Tax holiday merupakan subsidi secara tidak langsung. Itu ibarat pemerintah mensubsidi para investor terkait pajak yang seharusnya mereka bayar.
Ketiga contoh kebijakan ekonomi di tiga era tersebut memperlihatkan bagaimana mazhab Trickle Down Effect menjadi paradigma yang digunakan. Ketiganya memperlihatkan pola yang sama, yaitu mensubsidi konglomerat atau pengusaha.
Pada kenyataannya, mazhab ini juga tidak membuahkan hasil. Yang terjadi justru hanya akumulasi kekayaan bagi para konglomerat dan pengusaha.
Memang pemerintah mengatur regulasi terkait dana Corporate Social Responsibility (CSR) sebagai bentuk tanggung jawab sosialnya terhadap masyarakat lokal. Tetapi, dana itu tidak dapat dibandingkan, dan nyatanya memang tidak membuat masyarakat lokal yang diberikan dana menjadi sejahtera.
Justru di banyak kasus, pabrik-pabrik yang diharapkan mengangkat perekonomian rakyat lokal misalnya, malah merusak lingkungan atau memberikan dampak negatif.
Hanya Jargon?
Zulkifli Hasan tentu tidak sembarangan dalam menyebut Ekonomi Pancasila ketika menyinggung pengadaan kembali GBHN. Akan tetapi, Ekonomi Pancasila sepertinya bukan ditujukan sebagai kebijakan publik seperti dalam benak kita, melainkan hanya sebagai jargon politik.

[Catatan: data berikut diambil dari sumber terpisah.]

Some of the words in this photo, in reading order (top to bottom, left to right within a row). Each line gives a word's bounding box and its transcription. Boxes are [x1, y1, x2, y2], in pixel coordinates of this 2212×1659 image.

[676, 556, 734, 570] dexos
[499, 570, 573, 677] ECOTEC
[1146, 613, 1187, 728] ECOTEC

Sampai saat ini, Pasal 33 UUD 1945 yang merupakan implementasi sila kelima adalah pasal yang paling sulit untuk terealisasi. Tentu itu bukan tanpa alasan. Profesor Mubyarto yang mempopulerkan konsep tersebut bahkan ditertawakan banyak kalangan karena dinilai terlalu normatif.

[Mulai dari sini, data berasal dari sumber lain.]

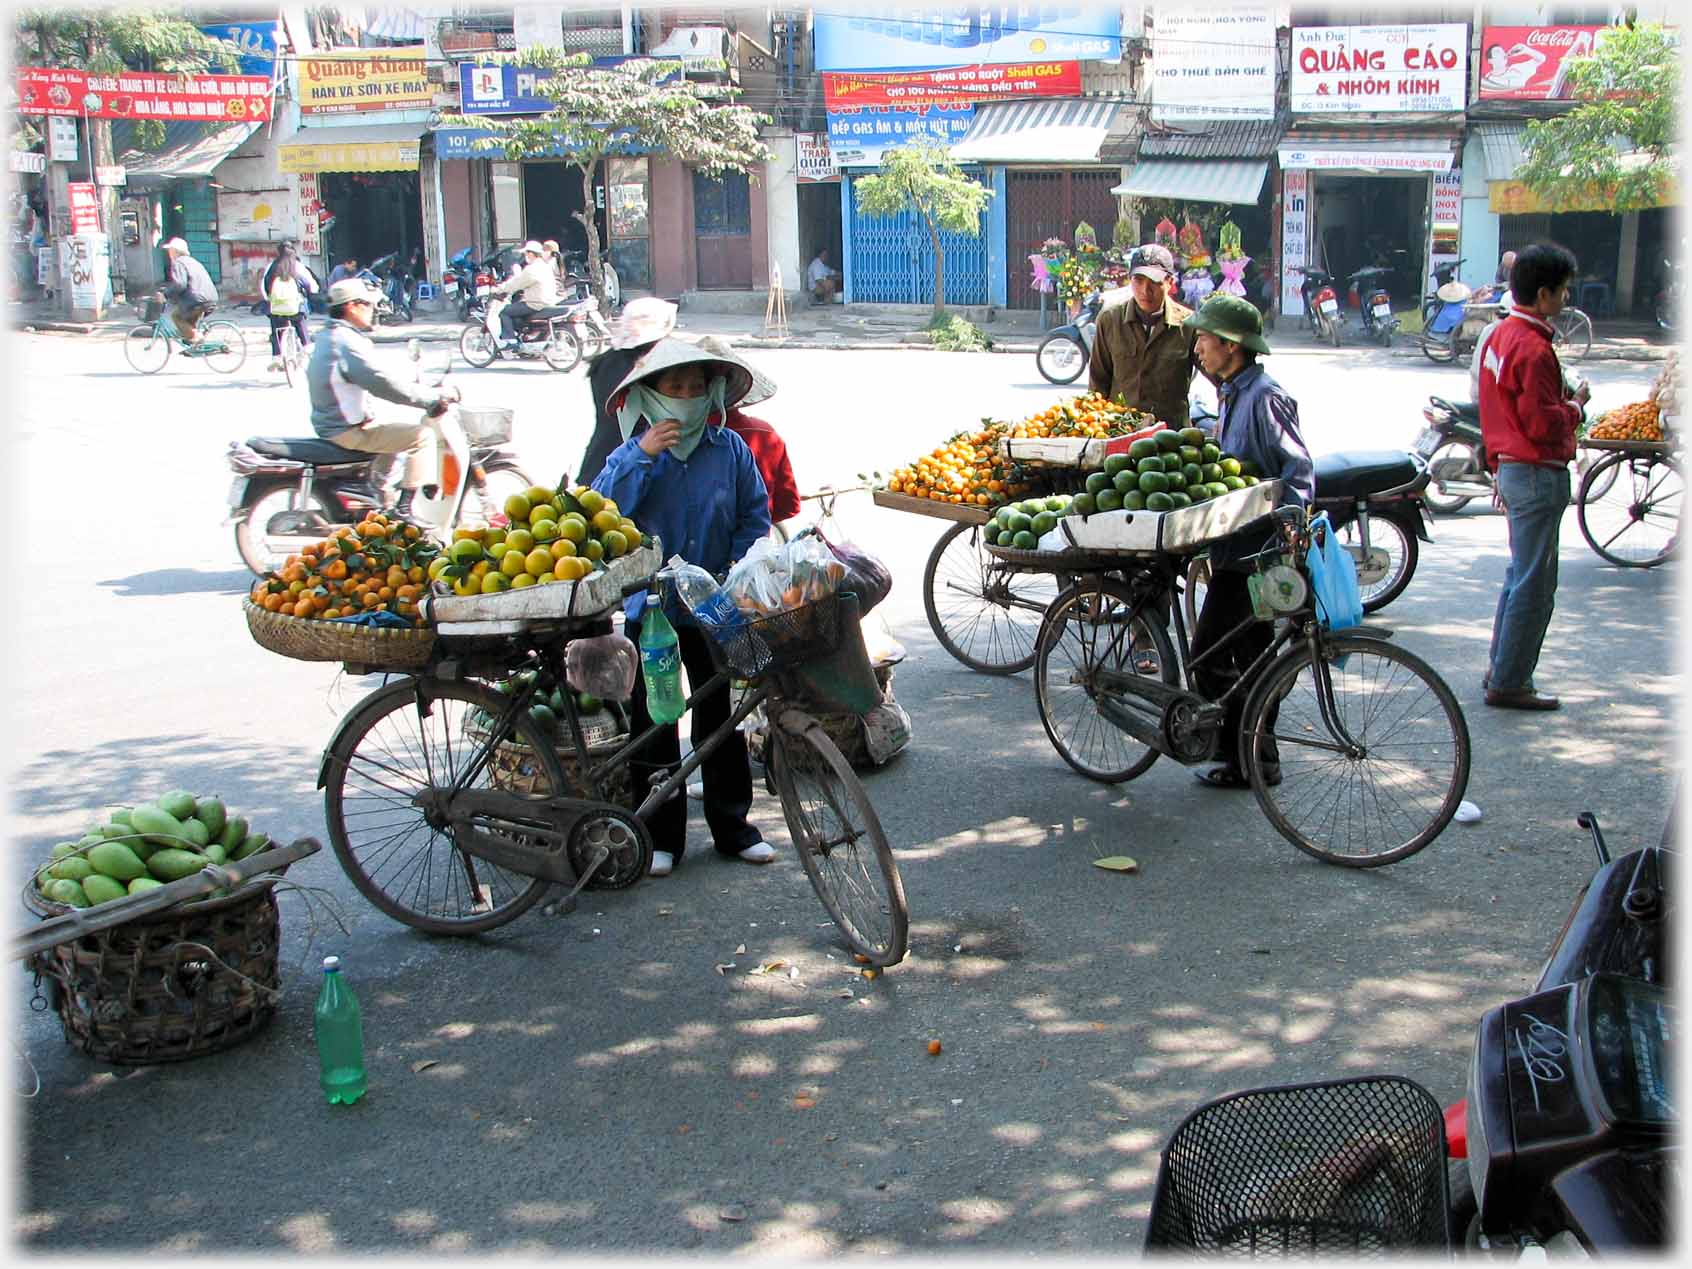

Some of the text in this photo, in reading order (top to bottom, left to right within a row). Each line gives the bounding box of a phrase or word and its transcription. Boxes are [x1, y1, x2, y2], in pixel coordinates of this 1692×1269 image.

[1299, 43, 1457, 74] QUẢNG CÁO
[959, 71, 976, 80] 100
[1006, 67, 1034, 79] Shell
[1035, 66, 1062, 77] GAS
[1155, 67, 1177, 77] CHO
[385, 82, 400, 95] XE
[1316, 74, 1440, 96] & NHÔM KÍNH
[886, 87, 906, 96] CHO
[908, 87, 925, 96] 100
[853, 121, 874, 134] GAS
[894, 121, 902, 133] &
[448, 136, 467, 147] 101
[1292, 194, 1304, 212] in
[1435, 201, 1457, 209] INOX
[1435, 212, 1457, 220] MICA
[305, 223, 316, 234] XE

Sila kelima seharusnya tidak dipahami secara denotatif, melainkan secara hermeneutis. Maksudnya, sila itu harus disadari memang tidak akan mungkin untuk terealisasi, sehingga harus diterapkan sebagai semacam guide atau ideologi.
Negara kesejahteraan memang harus aktif dalam memastikan kemakmuran rakyatnya, tetapi sama halnya dengan sila kelima, sebenarnya konsep itu hanya sebagai prinsip normatif.
Konsep normatif semacam itu justru telah membebani negara dengan tuntutan yang melebihi kapasitasnya. Hal ini membuat rakyat selalu merasa tidak puas dan merasa negara sebagai evil.
Lantas, apakah Ekonomi Pancasila harus diganti atau disingkirkan? Tentu tidak, sebab itu sama saja dengan menyebut Pancasila harus digantikan. Persoalannya adalah masyarakat belum mampu dengan jernih membedakan terkait mana hal yang normatif dan mana yang implementatif.
Ekonomi Pancasila itu penting dipertahankan, bukan karena merupakan sistem ekonomi yang mumpuni, melainkan karena menjadi nilai normatif yang mumpuni.
Ekonomi Pancasila merupakan apa yang disebut sebagai “kehendak umum” dalam politik. Nilainya yang sangat normatif menjadi perwujudan ideal kolektif masyarakat. Pemikir asal Jerman, Carl Schmit menyebut kehendak umum ini sebagai pendekatan normatif terhadap konstitusi.
Pada akhirnya, entah apa tujuan Zulkifli Hasan dan para pendukung kembalinya GBHN membawa wacana Ekonomi Pancasila ini ke hadapan publik. (R53)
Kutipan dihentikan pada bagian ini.